Shares of Britivic, of Hemel Hempstead, England, were up 10.8 pence, or 2.9%, at 379.10 pence by mid-morning Wednesday. A.G. Barr stock was up 15 pence, or 3.5%, at 447.20 pence, giving it a market value of £552.2 million. A.G. Barr said its Cumbernauld, Scotland head office will be the enlarged group's legal head office, with the operational headquarters to be located at Hemel Hempstead.
Both companies plan to pay additional dividends to their investors before the deal closes, with A.G. Barr paying out 7.4 pence per share, and Britvic 12.4 pence.
Britvic, the U.K. and Irish bottler and distributor for PepsiCo Inc., was this year hit by a product recall of its Fruit Shoot brand, poor summer weather and a sharp decline in Irish sales.
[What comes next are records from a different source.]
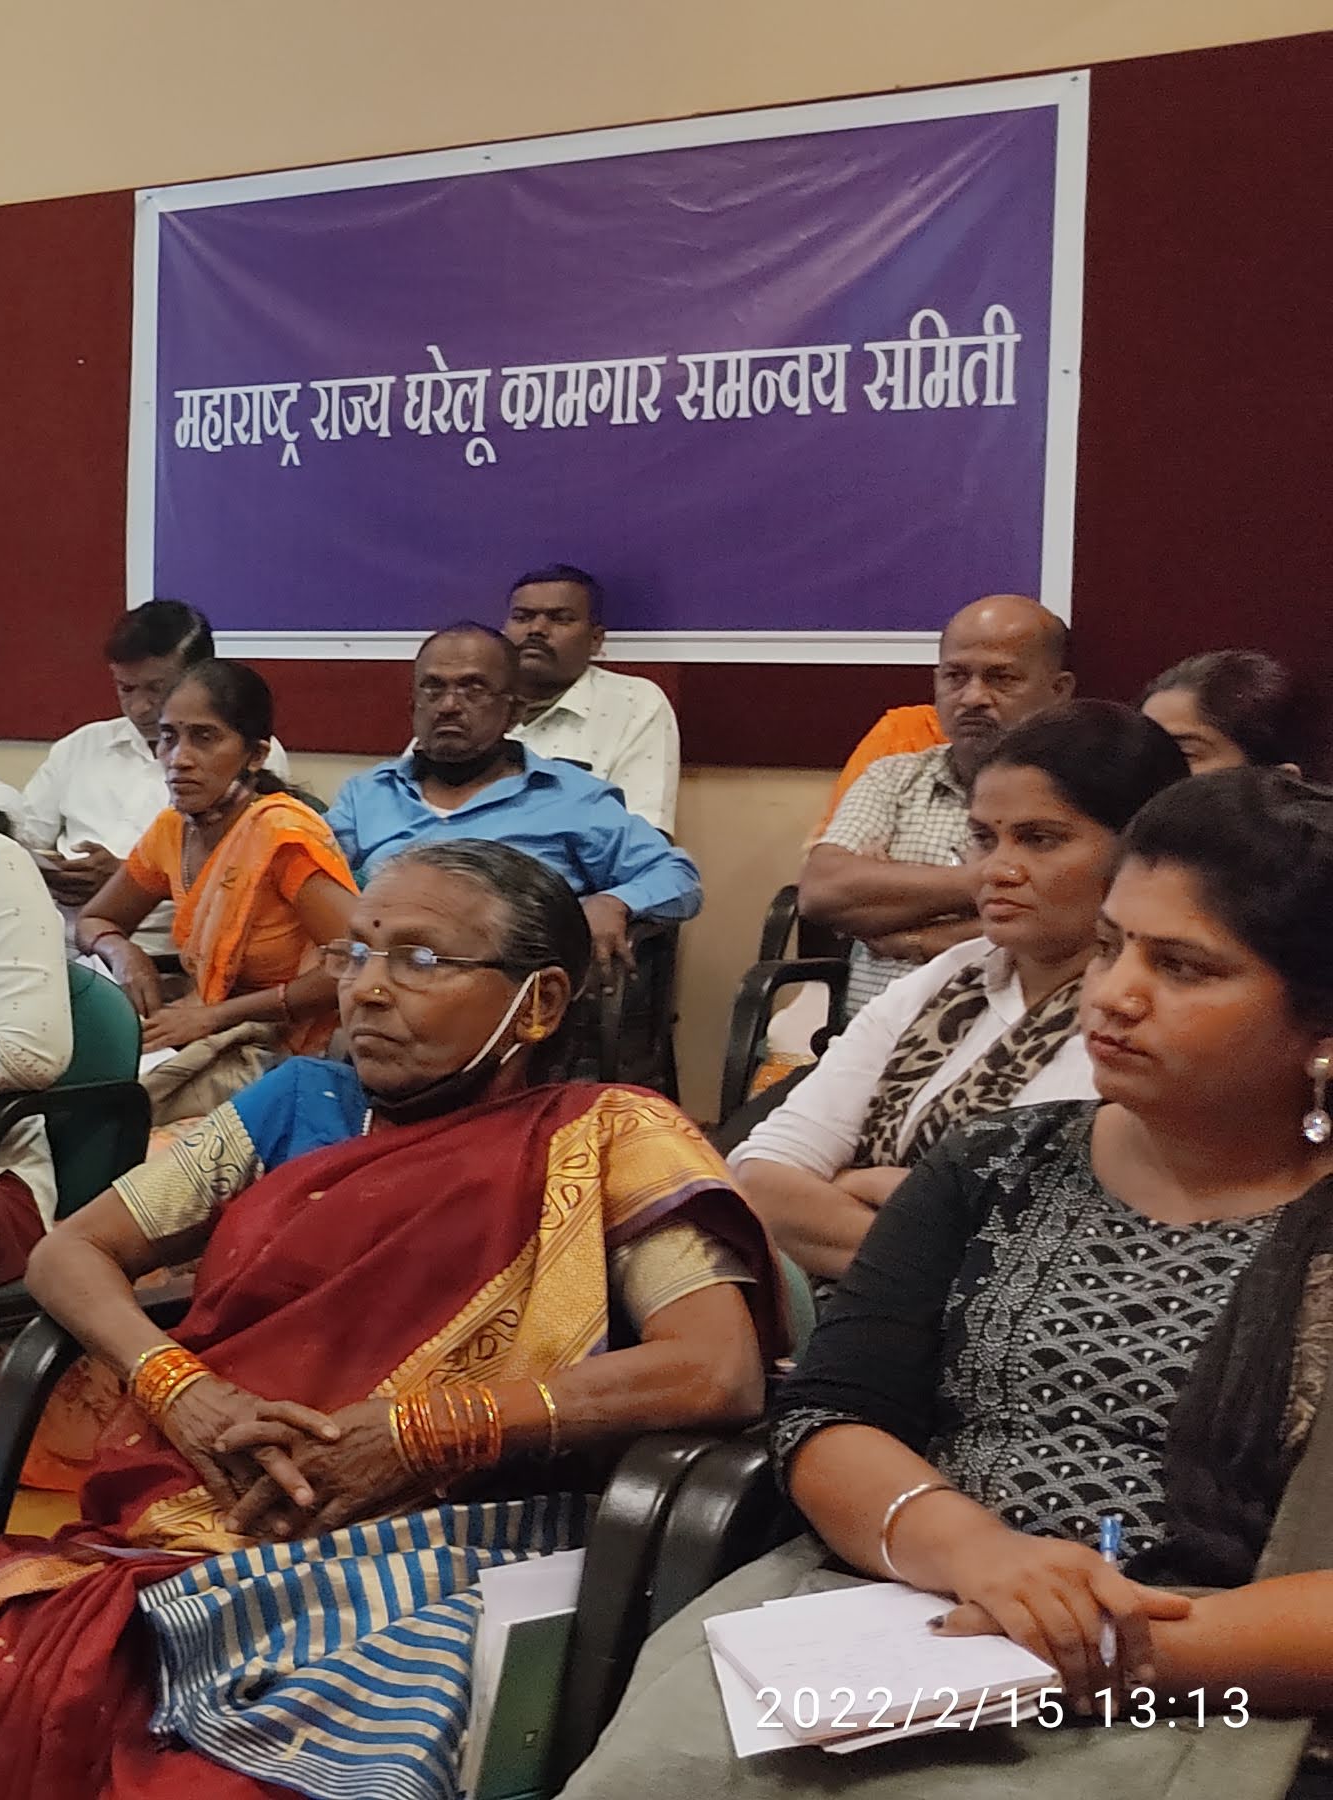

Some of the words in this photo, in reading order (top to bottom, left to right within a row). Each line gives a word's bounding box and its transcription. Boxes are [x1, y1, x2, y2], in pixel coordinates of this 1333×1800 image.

[174, 382, 302, 467] महाराष्ट्र
[309, 375, 397, 441] राज्य
[403, 345, 496, 466] घरेलू
[500, 355, 667, 430] कामगार
[675, 343, 852, 421] समन्वय
[863, 304, 1022, 411] समिती
In a trading update last month it said sales in the year ended Sept. 30 declined 0.8% to £1.26 billion. Britvic expects full-year operating profit will be at the lower end of a £111 million to £119 million range.
A.G. Barr has been faring better. In the six months ended July 28 it posted sales of £130 million, up year-on-year from £124 million, with pretax profit of £15 million, compared with £16 million a year earlier. In September, however, it warned that challenging conditions will remain over the coming months and said it had put in place cost control measures to counter these.
The transaction needs clearance from both sets of shareholders and the Office of Fair Trading, whose approval of the deal without a referral to the Competition Commission is a key condition.
About 19.4% of A.G. Barr shareholders have agreed to the transaction, which the companies expect to close in February. The deal will lapse if it hasn't closed by June 30.
Akeel Sachak, Stuart Vincent and Manfredi Corsini of Rothschild are financial advisers to A.G. Barr, whose legal advice comes from a Dickson Minto WS team led by Colin MacNeill.
David Wormsley, Jan Skarbek and Andrew Seaton at Citigroup Inc. are advising Britvic, as is Normura International plc's Richard Snow and Nicholas Marren.
A Linklaters LLP team led by Owen Clay is providing Britvic's legal advice.